The American director has directed nearly sixty films now, with them making a jaw-dropping $10 billion and counting at the box office, making him the top-grossing director of all time.
It comes as no surprise then that his attention would eventually turn to one story he knows well – his own.
1952, New Jersey, a memorable day for a young Sammy Fabelman (Mateo Zoryan), who is being taken to the movies for the very first time by his mom (Michelle Williams) and dad (Paul Dano).
It is a visit that will have a lasting impression on his life, as an older Sammy (Gabriel LaBelle) becomes fascinated with the filmmaking process, making home movies featuring family and friends.
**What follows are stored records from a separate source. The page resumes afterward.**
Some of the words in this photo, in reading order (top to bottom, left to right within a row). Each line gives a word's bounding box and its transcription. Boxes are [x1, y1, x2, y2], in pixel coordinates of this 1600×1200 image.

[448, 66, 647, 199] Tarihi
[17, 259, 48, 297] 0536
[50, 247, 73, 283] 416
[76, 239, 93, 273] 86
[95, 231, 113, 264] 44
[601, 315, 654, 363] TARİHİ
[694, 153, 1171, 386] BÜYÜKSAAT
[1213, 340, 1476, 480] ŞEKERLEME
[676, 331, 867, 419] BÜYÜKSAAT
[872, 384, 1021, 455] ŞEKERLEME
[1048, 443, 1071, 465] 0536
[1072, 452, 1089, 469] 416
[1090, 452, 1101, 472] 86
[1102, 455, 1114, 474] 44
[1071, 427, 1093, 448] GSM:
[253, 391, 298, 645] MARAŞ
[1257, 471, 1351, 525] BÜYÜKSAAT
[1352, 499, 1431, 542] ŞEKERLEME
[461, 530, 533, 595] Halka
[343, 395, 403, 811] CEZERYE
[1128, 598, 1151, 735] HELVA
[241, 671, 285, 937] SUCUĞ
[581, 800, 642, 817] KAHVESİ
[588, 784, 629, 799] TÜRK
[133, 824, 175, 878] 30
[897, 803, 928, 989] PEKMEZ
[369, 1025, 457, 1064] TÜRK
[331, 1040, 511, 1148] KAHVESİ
It’s his love of film however, that reveals a secret within his family, a secret so shocking it could put him off filmmaking for life.
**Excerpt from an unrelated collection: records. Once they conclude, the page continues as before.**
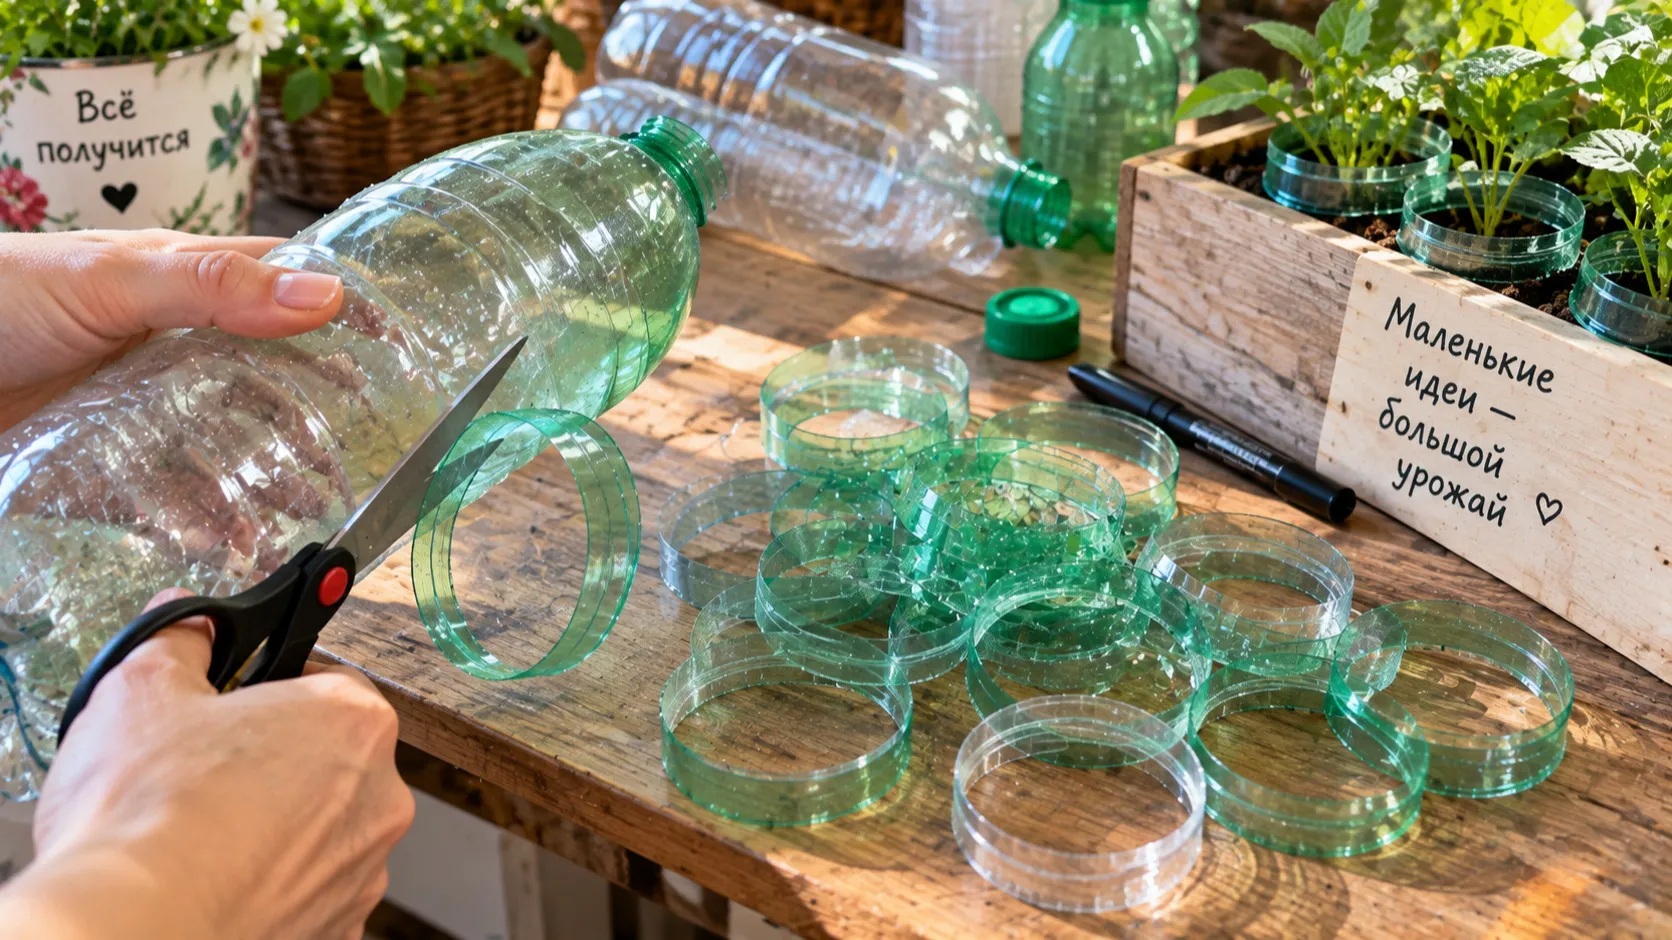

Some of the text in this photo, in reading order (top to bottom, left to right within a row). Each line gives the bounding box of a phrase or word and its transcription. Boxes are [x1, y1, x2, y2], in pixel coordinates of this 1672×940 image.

[76, 88, 137, 124] Всё
[37, 128, 190, 172] получится
[1384, 296, 1555, 393] Маленькие
[1404, 366, 1478, 414] идеи
[1379, 397, 1506, 479] большой
[1391, 458, 1508, 527] урожай
Although only semi-autobiographical, this project took over 20 years to make it to the screen, as Spielberg has admitted he was worried what his parents may think of it. But over time, he came around to the idea, especially as he let it be known that both of his parents were nagging him to make it, before they both died.
So what you have then is a labour of love, made with love, giving an insight of sorts, into the making of one of the greatest filmmakers of all time.
It’s a hybrid of a film, in being both a family drama, as well as a high school flick. In that sense it’s almost like a film version of The Wonder Years, without the voiceover, delving into pure Americana.
There are some strong performances here, especially from both Williams and Dano who present a couple who are different in so many ways, but there is still love there, during the most testing of times. And their respective portrayals of mom and dad are delivered with great subtlety and sensitivity.
The real star however is LaBelle, in his first leading role, as a young Spielberg/Fabelman who is not only venturing into the world of film, but also adolescent life.
It may only be semi-autobiographical, but it must have struck a chord or two with its director, as many of the cast have since gone on to talk of not only the responsibility of playing his family members, but also reducing him to tears during certain scenes.
It is a feature that is likely to resonate more with two types of (overlapping) audiences – those with a love of film, and those with a love of Spielberg.
It may not be the flashy blockbuster type film we’re used to from Spielberg, but this personal touch he delivers here is just as impressive.
Where it does fit in with the rest of his outstanding work is as a further example of a story beautifully crafted and well told by one of the greatest storytellers ever.